Meloni, die in den ersten zehn Monaten ihrer Amtszeit mit einer eher moderaten Politik überrascht hatte, hat mit der Entscheidung viel Kredit verspielt. Sie will mit den Einnahmen aus der Strafsteuer Steuersenkungen finanzieren und Kreditnehmern helfen, die durch die steigenden Zinsen in Schwierigkeiten sind. Der Schuss könnte nach hinten losgehen, weil die dringend nötigen Investoren verprellt werden.

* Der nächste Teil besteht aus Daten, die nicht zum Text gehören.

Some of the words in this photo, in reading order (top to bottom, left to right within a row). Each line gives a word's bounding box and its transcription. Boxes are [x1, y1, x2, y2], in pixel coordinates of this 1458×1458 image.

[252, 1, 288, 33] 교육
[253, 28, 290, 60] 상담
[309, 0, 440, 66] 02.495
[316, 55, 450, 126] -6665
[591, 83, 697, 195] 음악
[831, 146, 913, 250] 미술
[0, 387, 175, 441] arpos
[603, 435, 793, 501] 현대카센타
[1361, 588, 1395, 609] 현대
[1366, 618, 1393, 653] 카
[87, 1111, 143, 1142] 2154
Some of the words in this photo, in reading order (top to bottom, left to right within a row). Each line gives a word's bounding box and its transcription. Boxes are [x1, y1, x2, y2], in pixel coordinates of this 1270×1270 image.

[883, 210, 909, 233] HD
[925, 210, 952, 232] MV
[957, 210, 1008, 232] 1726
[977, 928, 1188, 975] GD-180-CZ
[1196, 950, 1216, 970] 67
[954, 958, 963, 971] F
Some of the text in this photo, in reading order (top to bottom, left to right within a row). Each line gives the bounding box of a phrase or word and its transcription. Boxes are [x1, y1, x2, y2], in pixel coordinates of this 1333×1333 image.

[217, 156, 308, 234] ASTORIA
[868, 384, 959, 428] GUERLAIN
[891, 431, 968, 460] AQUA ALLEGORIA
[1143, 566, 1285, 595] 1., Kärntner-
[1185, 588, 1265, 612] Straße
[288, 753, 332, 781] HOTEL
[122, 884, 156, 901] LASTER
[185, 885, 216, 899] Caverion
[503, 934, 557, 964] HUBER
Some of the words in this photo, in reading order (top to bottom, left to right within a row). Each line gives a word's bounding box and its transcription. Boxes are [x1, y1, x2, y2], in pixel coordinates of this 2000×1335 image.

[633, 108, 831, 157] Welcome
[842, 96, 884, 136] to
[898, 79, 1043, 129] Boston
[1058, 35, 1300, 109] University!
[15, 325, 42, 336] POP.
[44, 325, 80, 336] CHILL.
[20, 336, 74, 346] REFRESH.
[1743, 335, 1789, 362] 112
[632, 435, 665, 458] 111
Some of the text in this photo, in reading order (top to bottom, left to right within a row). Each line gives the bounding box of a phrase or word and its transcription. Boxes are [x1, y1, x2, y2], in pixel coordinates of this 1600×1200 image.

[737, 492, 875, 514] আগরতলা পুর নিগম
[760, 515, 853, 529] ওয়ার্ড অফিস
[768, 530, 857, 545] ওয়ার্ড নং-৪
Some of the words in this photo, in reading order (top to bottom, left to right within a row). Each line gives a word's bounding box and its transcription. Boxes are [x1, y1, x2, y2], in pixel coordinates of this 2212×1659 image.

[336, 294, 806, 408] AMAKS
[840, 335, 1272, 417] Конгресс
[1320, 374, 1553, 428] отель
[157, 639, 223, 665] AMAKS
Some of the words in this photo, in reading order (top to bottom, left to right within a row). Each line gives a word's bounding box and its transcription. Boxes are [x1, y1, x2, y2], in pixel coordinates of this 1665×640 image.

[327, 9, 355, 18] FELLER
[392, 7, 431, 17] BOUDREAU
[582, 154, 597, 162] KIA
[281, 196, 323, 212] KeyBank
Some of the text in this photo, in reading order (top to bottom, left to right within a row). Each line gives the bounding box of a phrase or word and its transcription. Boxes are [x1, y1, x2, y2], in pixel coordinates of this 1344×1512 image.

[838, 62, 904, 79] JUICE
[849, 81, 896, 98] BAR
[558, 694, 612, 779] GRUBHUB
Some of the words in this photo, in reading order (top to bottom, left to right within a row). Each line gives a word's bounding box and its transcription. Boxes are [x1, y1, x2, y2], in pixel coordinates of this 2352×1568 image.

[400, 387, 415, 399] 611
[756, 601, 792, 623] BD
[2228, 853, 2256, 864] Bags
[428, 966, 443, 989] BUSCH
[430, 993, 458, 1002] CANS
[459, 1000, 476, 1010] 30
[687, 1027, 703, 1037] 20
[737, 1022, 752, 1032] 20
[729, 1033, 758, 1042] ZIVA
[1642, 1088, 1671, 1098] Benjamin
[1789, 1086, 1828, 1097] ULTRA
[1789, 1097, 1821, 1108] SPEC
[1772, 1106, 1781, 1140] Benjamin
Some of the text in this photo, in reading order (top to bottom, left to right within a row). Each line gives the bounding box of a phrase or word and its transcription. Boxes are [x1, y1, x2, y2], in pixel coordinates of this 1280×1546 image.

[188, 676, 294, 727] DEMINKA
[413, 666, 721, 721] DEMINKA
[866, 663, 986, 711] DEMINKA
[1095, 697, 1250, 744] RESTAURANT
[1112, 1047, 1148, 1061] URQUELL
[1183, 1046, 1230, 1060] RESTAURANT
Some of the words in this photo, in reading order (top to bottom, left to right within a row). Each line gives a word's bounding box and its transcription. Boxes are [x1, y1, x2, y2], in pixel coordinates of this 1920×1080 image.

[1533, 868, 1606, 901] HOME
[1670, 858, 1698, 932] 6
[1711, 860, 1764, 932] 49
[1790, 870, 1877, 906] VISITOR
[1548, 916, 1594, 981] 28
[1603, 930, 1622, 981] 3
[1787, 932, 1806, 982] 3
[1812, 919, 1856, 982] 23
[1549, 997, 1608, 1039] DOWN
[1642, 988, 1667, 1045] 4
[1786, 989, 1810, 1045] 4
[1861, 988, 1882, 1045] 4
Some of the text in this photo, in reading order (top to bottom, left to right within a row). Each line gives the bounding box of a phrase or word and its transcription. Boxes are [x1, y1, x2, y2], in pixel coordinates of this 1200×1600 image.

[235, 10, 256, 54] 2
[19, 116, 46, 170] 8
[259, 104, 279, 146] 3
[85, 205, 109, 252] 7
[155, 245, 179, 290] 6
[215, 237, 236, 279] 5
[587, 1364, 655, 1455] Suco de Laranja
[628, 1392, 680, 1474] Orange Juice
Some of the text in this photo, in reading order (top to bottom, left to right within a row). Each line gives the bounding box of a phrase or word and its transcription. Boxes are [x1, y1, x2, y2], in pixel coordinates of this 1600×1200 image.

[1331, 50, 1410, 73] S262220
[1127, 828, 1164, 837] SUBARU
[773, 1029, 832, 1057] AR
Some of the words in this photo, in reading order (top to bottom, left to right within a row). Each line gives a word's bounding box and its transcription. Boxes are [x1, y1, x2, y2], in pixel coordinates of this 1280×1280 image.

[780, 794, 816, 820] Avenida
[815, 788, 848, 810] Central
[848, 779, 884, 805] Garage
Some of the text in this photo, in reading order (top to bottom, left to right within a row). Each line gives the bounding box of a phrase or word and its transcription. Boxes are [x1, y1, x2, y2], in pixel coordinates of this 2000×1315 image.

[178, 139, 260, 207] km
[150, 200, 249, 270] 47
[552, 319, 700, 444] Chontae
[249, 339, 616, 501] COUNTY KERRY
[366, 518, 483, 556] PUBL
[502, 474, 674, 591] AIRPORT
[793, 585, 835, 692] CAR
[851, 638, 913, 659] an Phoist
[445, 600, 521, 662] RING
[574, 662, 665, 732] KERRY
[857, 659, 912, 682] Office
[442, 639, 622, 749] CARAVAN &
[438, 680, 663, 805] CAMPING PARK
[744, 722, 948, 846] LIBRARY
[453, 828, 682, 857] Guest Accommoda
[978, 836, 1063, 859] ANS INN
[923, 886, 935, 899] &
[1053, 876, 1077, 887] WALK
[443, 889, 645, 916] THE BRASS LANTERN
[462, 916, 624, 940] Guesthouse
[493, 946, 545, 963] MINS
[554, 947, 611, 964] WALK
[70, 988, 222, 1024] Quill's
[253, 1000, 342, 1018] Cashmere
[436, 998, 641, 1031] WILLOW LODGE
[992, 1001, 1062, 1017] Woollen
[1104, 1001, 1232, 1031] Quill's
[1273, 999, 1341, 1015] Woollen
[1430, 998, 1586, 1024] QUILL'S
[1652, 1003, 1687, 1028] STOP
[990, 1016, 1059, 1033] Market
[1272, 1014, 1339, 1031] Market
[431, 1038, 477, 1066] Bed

Bis zum Frühjahr ist Italien stärker gewachsen als die meisten EU-Partner. Doch im zweiten Quartal schrumpfte die Wirtschaft um 0,3 Prozent. In diesem Jahr dürfte sie noch um etwas mehr als ein Prozent wachsen. Für 2024 werden weniger als ein Prozent prognostiziert. Die Flüchtlingszahlen haben sich gegenüber dem Vorjahr mehr als verdoppelt, obwohl Meloni im Wahlkampf versprochen hatte, sie zu senken. Ihre hohen Zustimmungswerte könnten im Herbst, wenn sie den Budgetentwurf für 2024 vorlegt, zurückgehen, weil sie angesichts der Haushaltslage und der hohen Schulden von 144 Prozent des Bruttoinlandsprodukts viele ihrer Versprechen nicht erfüllen kann.

Inflation und hohe Zinsen

Francesco Giavazzi, der noch immer sehr einflussreiche Ex-Wirtschaftsberater Mario Draghis und inzwischen Professor an der Mailänder Universität Bocconi, glaubt, dass die Banken wegen der neuen Steuer ihr Geschäftsmodell umstellen und weniger in Staatsanleihen investieren könnten. Das wäre fatal, weil sie etwa ein Viertel der italienischen Staatsanleihen halten und die EZB den Aufkauf der Bonds eingestellt hat.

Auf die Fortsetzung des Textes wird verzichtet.